◆ **REQUIRED ACTION**
Without the pictures, output the records below word for word.

◆ **GIVEN ENTRIES**

_ _ _ _

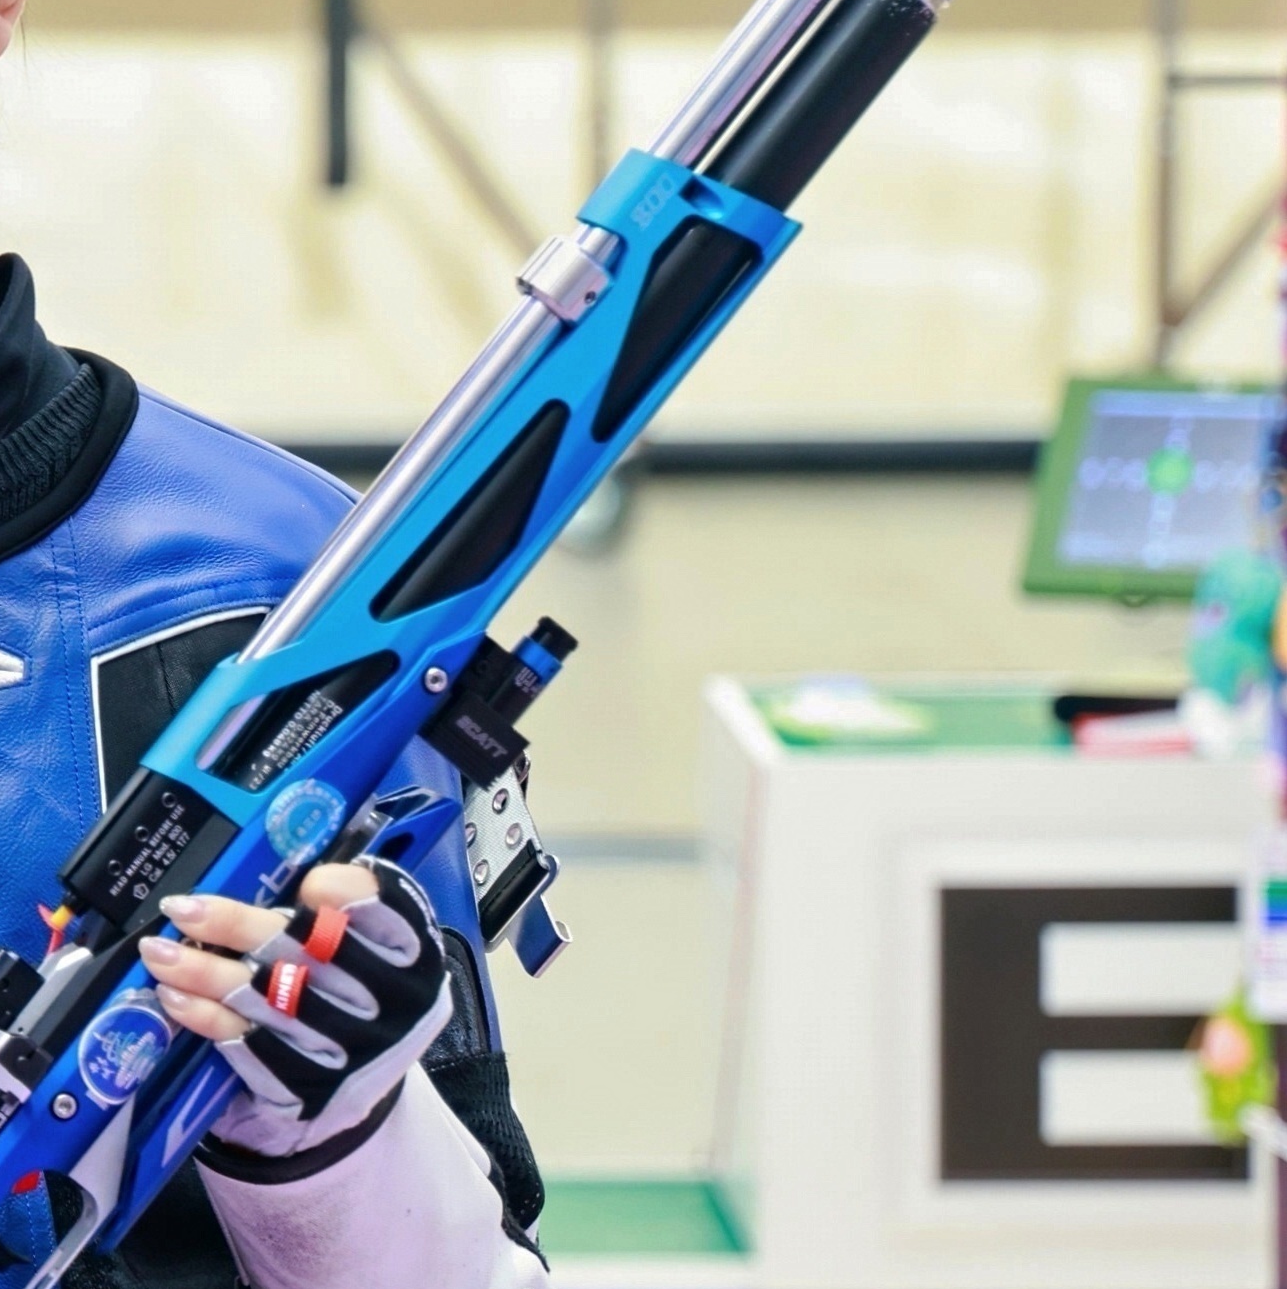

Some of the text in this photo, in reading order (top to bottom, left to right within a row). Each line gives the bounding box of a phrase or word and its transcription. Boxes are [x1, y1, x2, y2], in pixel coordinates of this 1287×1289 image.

[293, 688, 321, 721] NETTO
[454, 713, 509, 760] SCATT
[109, 804, 186, 897] READ MANUAL BEFORE USE
[139, 861, 154, 877] LG
[941, 888, 1249, 1181] E

_ _ _ _

◆ **SOLUTION TO THIS EXERCISE**
Some of the text in this photo, in reading order (top to bottom, left to right within a row). Each line gives the bounding box of a phrase or word and its transcription. Boxes are [x1, y1, x2, y2], in pixel coordinates of this 1287×1289 image.

[293, 688, 321, 721] NETTO
[454, 713, 509, 760] SCATT
[109, 804, 186, 897] READ MANUAL BEFORE USE
[139, 861, 154, 877] LG
[941, 888, 1249, 1181] E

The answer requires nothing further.